DjangoBB LoFi version

Полная версия: Как безопасно записать в БД?

Начало » Django » Как безопасно записать в БД?

digi

Сен. 3, 2012 19:54:14

Ребята, подскажите. Есть модель для сохранения адреса страницы, e-mail и даты создания.

class Adresa(models.Model):
    email = models.EmailField()
    adres = models.URLField()
    crdata = models.DateField()
    
    def __unicode__(self):
	return self.adres

Есть форма, запрашивающая данные у пользователя для последующего добавления в базу.

class AdrForm(forms.Form):
    email = forms.EmailField()
    adres = forms.URLField()
    crdate = forms.DateField()

Вопрос: как безопасно добавлять в базу данные, полученнве от пользователя, то есть нужно ли как-то обработать, экранировать и т.д.?

В функции представления делаю примерно так:

def addadres(request):
    if request.method == 'POST':
        form = AdrForm(request.POST)
        if form.is_valid():
	  
	    cd = form.cleaned_data
	    a = Adresa(email=cd['email'], adres=cd['adres'], crdata=datetime.now())
	    a.save()
	    return HttpResponseRedirect('/thanks/')
	
    else:
        form = AdrForm()
    return render_to_response('addadres.html',{'form': form})

Работать работает, но необходимость дополнительной обработки вызывает определенное беспокойство.

FishHook

Сен. 4, 2012 05:36:36

А зачем Вам простая форма, если она целиком повторяет модель? Делайте ModelForm.
ModelForm тынц

digi

Сен. 4, 2012 13:18:56

FishHook, действительно ModelForm подходит больше. Как я понял, дополнительна экранировка символов перед сохранением в базе не требуется? Когда я пробовал, то в поле типа URLField запросто разрешается ставить одинарные и двойные кавычки, их не нужно дополнительно обрабатывать?

И ещё вопрос: при использовании ModelForm можно как-то выполнять предварительную обработку поля до того, как оно запишется в БД?

FishHook

Сен. 4, 2012 13:35:30

digi
FishHook, действительно ModelForm подходит больше. Как я понял, дополнительна экранировка символов перед сохранением в базе не требуется? Когда я пробовал, то в поле типа URLField запросто разрешается ставить одинарные и двойные кавычки, их не нужно дополнительно обрабатывать?

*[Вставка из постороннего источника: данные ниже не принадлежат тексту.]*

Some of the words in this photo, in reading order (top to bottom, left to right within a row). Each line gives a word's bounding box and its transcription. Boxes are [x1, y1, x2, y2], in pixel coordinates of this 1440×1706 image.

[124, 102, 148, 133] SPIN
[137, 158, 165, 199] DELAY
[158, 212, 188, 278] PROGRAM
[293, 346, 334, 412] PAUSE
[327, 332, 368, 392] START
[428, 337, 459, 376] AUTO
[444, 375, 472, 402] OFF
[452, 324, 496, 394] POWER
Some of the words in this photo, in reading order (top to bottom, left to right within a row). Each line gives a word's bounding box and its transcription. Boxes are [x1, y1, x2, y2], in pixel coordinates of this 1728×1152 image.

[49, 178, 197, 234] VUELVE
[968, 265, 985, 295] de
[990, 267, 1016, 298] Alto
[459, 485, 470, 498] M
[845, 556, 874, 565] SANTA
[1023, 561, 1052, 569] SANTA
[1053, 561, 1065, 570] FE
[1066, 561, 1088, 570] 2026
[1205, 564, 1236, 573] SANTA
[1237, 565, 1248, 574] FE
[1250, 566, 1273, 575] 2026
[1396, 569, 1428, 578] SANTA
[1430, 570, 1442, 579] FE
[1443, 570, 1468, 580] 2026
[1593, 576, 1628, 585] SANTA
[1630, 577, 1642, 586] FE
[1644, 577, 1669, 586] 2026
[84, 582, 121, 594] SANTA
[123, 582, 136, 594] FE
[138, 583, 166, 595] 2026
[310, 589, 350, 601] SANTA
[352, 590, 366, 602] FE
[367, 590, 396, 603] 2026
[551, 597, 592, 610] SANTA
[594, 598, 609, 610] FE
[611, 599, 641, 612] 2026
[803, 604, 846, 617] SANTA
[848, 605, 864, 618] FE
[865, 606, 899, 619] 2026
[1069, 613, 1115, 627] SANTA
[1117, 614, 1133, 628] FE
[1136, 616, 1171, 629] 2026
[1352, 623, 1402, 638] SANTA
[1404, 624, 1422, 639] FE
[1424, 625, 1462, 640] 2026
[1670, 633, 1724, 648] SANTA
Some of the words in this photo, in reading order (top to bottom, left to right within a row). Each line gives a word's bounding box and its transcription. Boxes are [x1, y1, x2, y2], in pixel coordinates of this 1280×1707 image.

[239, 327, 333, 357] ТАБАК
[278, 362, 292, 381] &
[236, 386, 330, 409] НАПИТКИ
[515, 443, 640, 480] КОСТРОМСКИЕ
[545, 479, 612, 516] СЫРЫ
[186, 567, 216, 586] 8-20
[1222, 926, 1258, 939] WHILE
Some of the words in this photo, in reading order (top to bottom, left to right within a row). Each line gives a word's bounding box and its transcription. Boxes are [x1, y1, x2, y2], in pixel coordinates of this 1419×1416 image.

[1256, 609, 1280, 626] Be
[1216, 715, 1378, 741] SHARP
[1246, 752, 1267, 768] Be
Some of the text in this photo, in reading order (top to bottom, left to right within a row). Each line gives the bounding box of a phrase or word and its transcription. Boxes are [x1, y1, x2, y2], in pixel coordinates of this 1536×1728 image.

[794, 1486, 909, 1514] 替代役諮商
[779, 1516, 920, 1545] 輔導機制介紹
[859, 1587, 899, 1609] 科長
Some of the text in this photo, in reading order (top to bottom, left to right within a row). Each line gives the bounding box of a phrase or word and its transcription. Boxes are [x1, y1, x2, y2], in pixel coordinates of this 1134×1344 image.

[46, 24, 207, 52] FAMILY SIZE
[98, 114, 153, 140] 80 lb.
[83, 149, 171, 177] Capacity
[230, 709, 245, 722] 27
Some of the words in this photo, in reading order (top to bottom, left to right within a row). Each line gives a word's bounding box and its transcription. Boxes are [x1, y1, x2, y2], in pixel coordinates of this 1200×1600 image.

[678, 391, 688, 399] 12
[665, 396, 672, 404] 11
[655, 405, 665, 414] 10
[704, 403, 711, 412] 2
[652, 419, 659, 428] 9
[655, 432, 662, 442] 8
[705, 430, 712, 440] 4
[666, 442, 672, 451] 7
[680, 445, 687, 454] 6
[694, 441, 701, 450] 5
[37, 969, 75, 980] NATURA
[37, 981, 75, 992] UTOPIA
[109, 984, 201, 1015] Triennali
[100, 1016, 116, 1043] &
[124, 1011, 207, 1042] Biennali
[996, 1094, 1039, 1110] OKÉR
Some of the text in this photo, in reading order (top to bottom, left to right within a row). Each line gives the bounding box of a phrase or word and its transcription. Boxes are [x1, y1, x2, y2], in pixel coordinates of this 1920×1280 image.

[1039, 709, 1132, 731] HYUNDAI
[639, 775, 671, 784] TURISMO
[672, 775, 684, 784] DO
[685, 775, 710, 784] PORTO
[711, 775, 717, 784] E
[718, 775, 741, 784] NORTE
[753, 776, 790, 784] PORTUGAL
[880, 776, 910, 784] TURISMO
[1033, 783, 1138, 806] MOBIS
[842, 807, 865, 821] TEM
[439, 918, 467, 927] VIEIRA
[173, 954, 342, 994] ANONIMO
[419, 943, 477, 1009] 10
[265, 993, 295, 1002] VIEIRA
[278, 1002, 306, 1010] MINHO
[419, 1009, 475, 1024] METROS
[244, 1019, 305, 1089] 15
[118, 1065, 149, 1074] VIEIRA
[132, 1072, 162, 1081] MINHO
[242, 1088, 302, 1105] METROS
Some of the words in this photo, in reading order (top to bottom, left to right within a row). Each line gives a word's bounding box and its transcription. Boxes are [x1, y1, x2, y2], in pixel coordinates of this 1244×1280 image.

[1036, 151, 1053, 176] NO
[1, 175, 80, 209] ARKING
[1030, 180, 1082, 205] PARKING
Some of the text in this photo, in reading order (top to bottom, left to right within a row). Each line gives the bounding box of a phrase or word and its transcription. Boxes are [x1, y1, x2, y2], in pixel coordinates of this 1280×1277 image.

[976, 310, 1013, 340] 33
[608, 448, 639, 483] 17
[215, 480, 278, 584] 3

И ещё вопрос: при использовании ModelForm можно как-то выполнять предварительную обработку поля до того, как оно запишется в БД?

Переопредели в форме def _clean_fields(self)

Вот кусок говнокода для примера

class OrphanChildLegalState(ModelForm):
    def __init__(self, *args, **kw):
        super(OrphanChildLegalState, self).__init__(*args, **kw)
        self.child=kw.get('instance')
        if self.child.get_age>=18:
            choices=[('%s_%s' % ('A', x[0]),x[1]) for x in  Child.ORPHAN_REASONS]
            choices+=[('%s_%s' % ('B', x[0]),x[1]) for x in  Child.NON_TRUSTEE_REASONS]
            choices.insert(0, (None,'------'))
            common_field=forms.ChoiceField(choices=choices, label=u'Причина получения правового статуса')
            self.fields={'common_field':common_field}
            legal_status=self.child.legal_status
            reason=self.child.orphan_reason or self.child.non_trustee_reason
            self.initial.update({'common_field':'%s_%s' %(legal_status, reason)})
    def _clean_fields(self):
         super(OrphanChildLegalState, self)._clean_fields()
         if self.cleaned_data.get('common_field'):
             c_f=self.cleaned_data['common_field']
             legal_status, reason=c_f.split('_') if c_f!='None' else (None,None)
             self.cleaned_data.update({'legal_status':legal_status})
             if legal_status=="A":
                 self.cleaned_data.update({'orphan_reason':reason})
             elif legal_status=="B":
                 self.cleaned_data.update({'non_trustee_reason':reason})
             else:
                 self.cleaned_data.update({'non_trustee_reason':None,'orphan_reason':None, })
    class Meta:
        model=Child
        fields = ('legal_status','orphan_reason', 'non_trustee_reason')

digi

Сен. 17, 2012 19:16:19

FishHook, именно так и сделал, спасибо.